Dinner was served early, at 5pm, and as the cold came in, we prepped ourselves for a cold restless night.
Day 3
What you need to know is that sleeping at 5,135m is no easy feat. The air is thin and the cold (in the Andean winter) is like caffeine and your body seems to wake you up naturally every 30 minutes. When the alarm clock rang at 1am, I had had just under 2 hours sleep total, Berend a bit more at about 3 but Balthazar had it really rough, not even getting a full hour.
We quickly put all our layers on, complete with thick down jacket, used the frozen water toilet and harnessed up. Now only one thing was on our mind: sunrise at the summit above 6,088m.
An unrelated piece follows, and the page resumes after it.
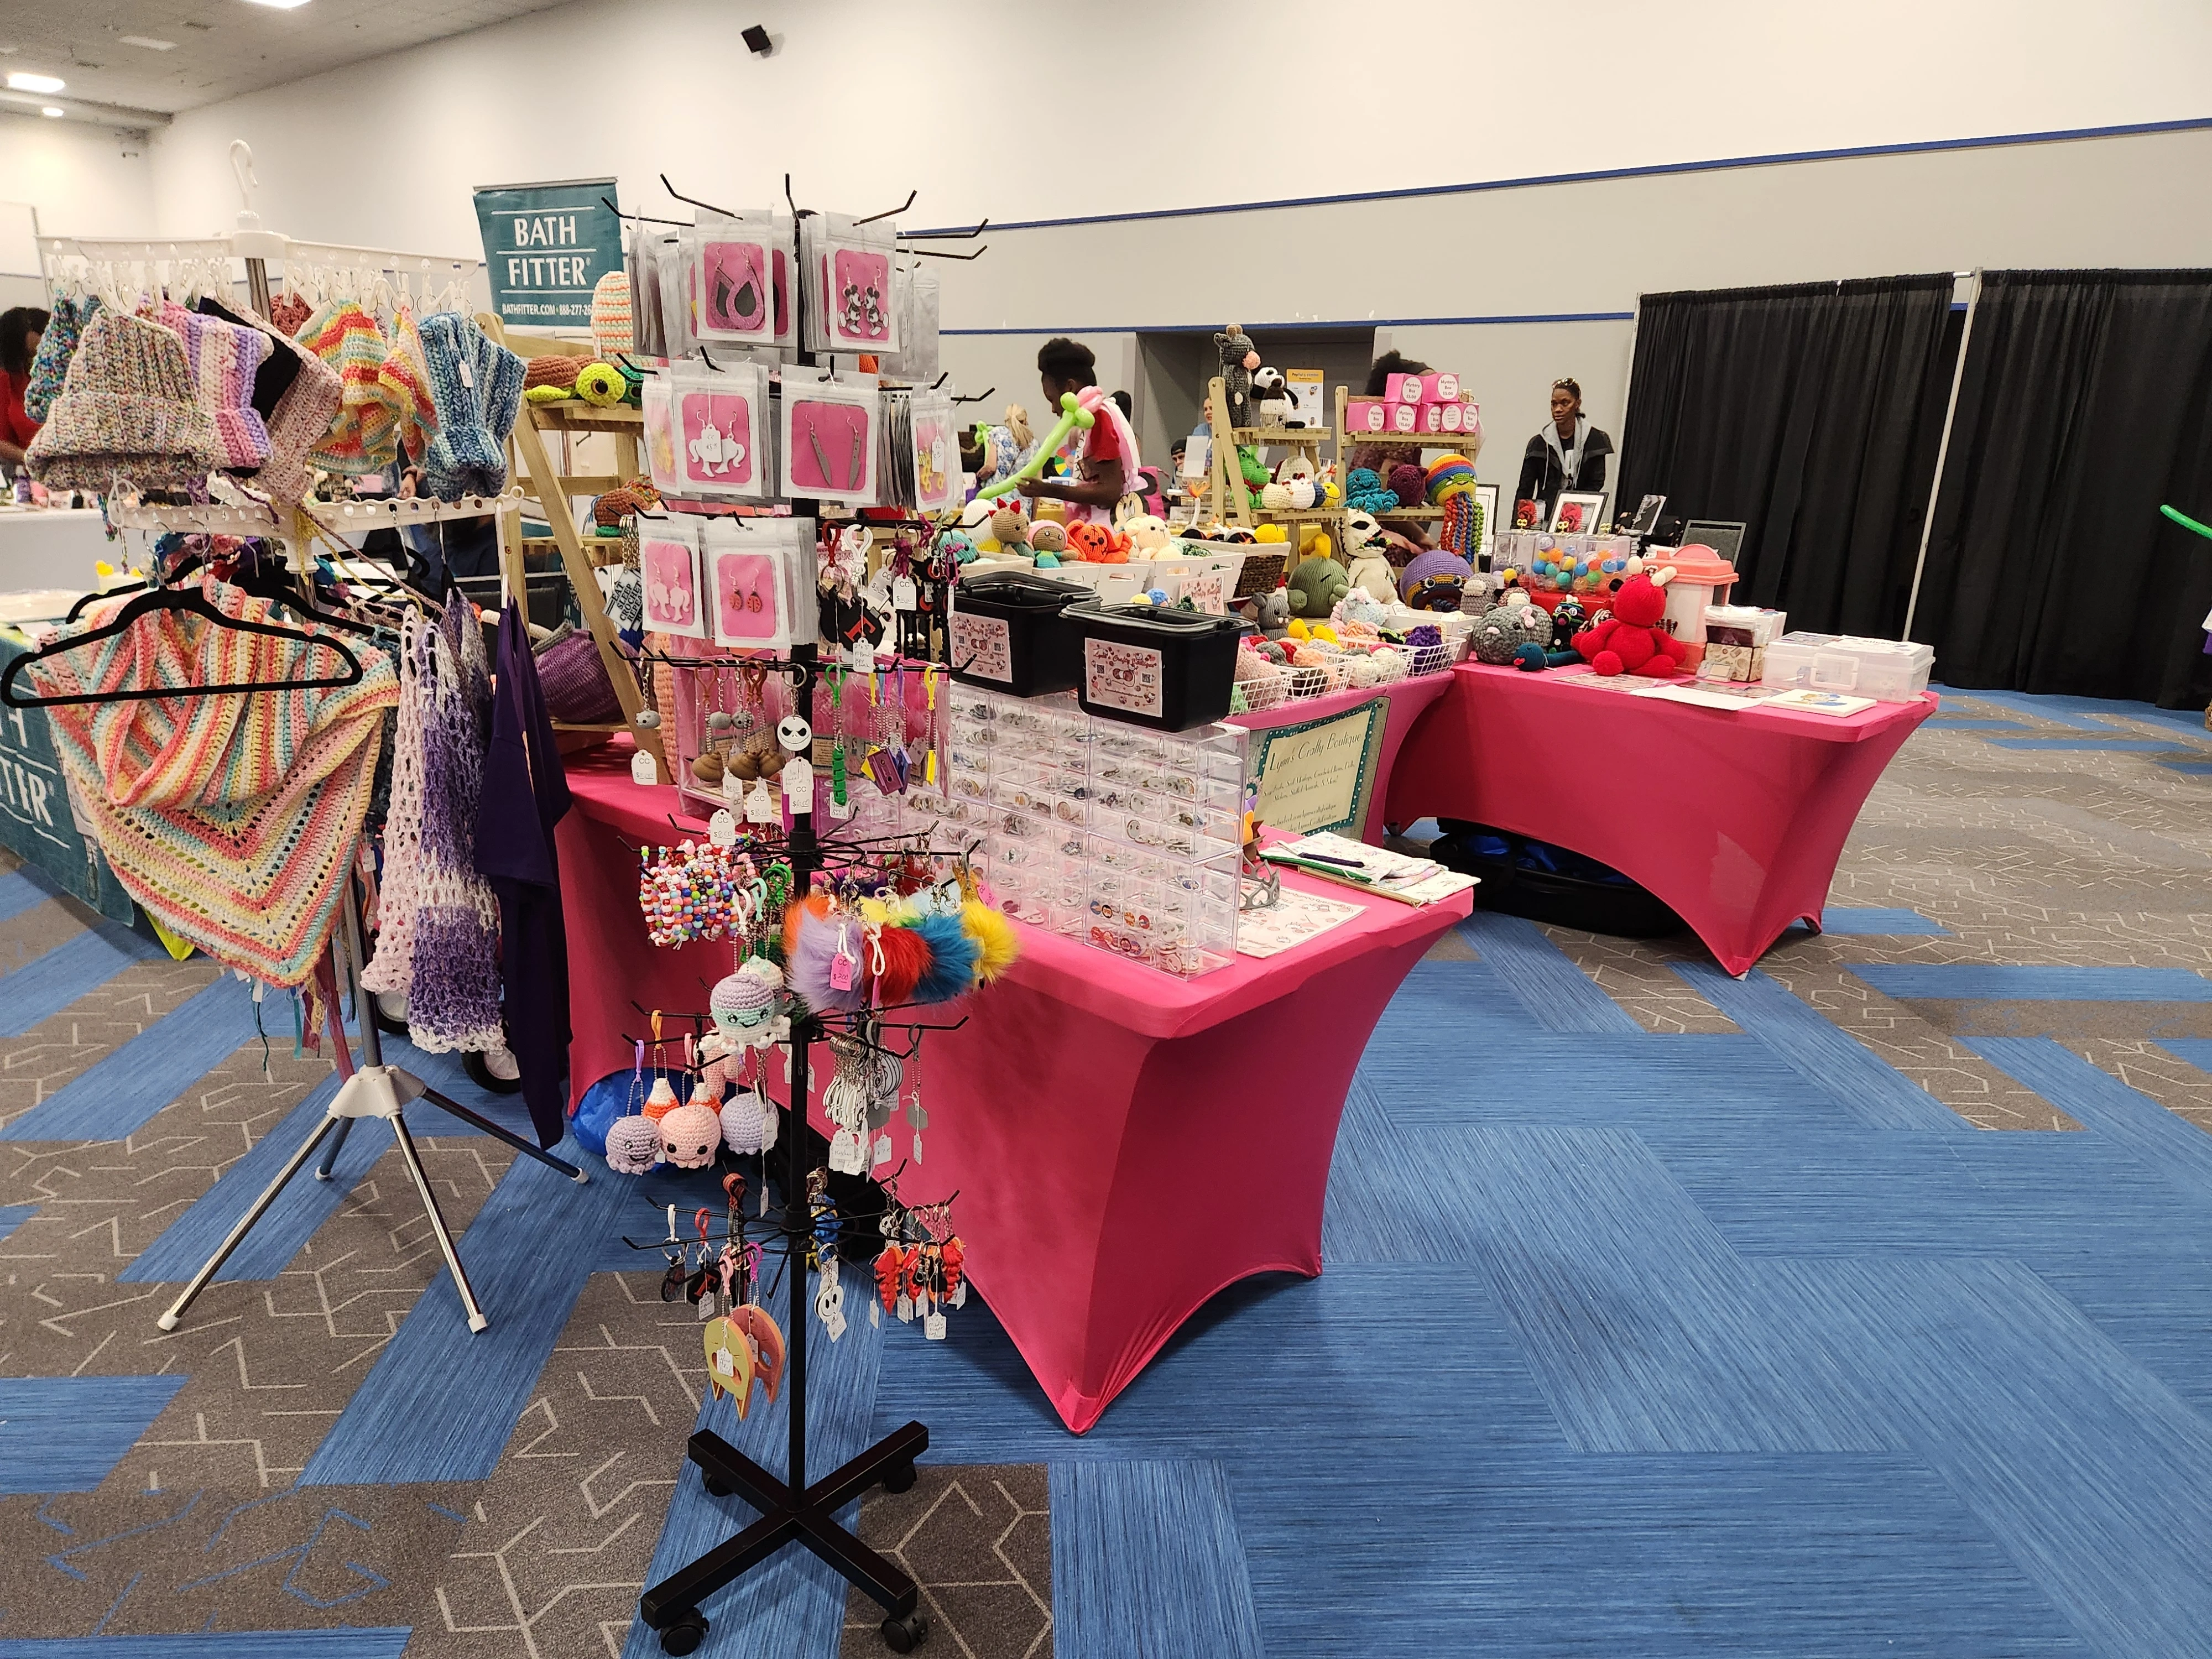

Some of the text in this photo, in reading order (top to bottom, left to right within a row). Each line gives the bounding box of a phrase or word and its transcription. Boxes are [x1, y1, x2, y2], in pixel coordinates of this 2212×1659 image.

As we exit the refuge, we look across the night sky to the next mountain range and see the most incredible thunder storms. The sky is electrifyingly lit in brief flashes, giving us glimpses of nature’s scary power.
We walked for 30 minutes in full gear and then hit the start of the ice section. Crampons on, ice pick in hand and now tied to each other by rope. The climb continued. Every 10 minutes or so we would take a break. No matter, because as soon as we restarted, our breaths would all be short again. 5,200. 5,300. 5,400. 5,500. 5,600 and we pass Campo Argentino point. Balthazar is beginning to show some signs of nausea from the altitude. We push on into the morning. Passing all other groups on the way. We are now leading the summit attempts that day. 5,700. We pass the ice-climbing point. A deep crevasse with a steep walk where we hoist each other up with ice picks and the ropes. Not as bad as the training but hard at the altitude and time. 5,800. We can see the silhouette of the summit. 5,900. The sky is beginning to light up, but still no sun. We are now on the final stretch. A thin path with a drop off. Balthazar, despite consistently dry heaving and feeling worse for wear is determined to get there. Berend and I can only try and support. Slowly we push on. Step by step. 6,088m. We take our final steps with the sun just peaking over and warming our frozen hands, toes and faces. We made it! Wow!
The three of us speechless. Looking at the mountains and clouds below and trying to warm in an orange glow. Perhaps it is fair to say that two of us enjoyed the time there a bit more but what is important is we all made it. The guides were fantastic in supporting us, looking like it was just a Sunday walk for them. Despite being one of the easiest peaks above 6,000m, the last day was no easy trip.
Desperate to see us all suffer a bit less, we powered down the mountain back to high camp. Our tiredness was killing us and now joined by headaches from the descent. We had made it but we weren’t as strong as we had been the days before. We welcomed the return to La Paz.
I would highly recommend this adventure for anyone with time in La Paz. It’s not often you get to experience altitude like that.
To the boys and the guides, thank you for the unforgettable memories!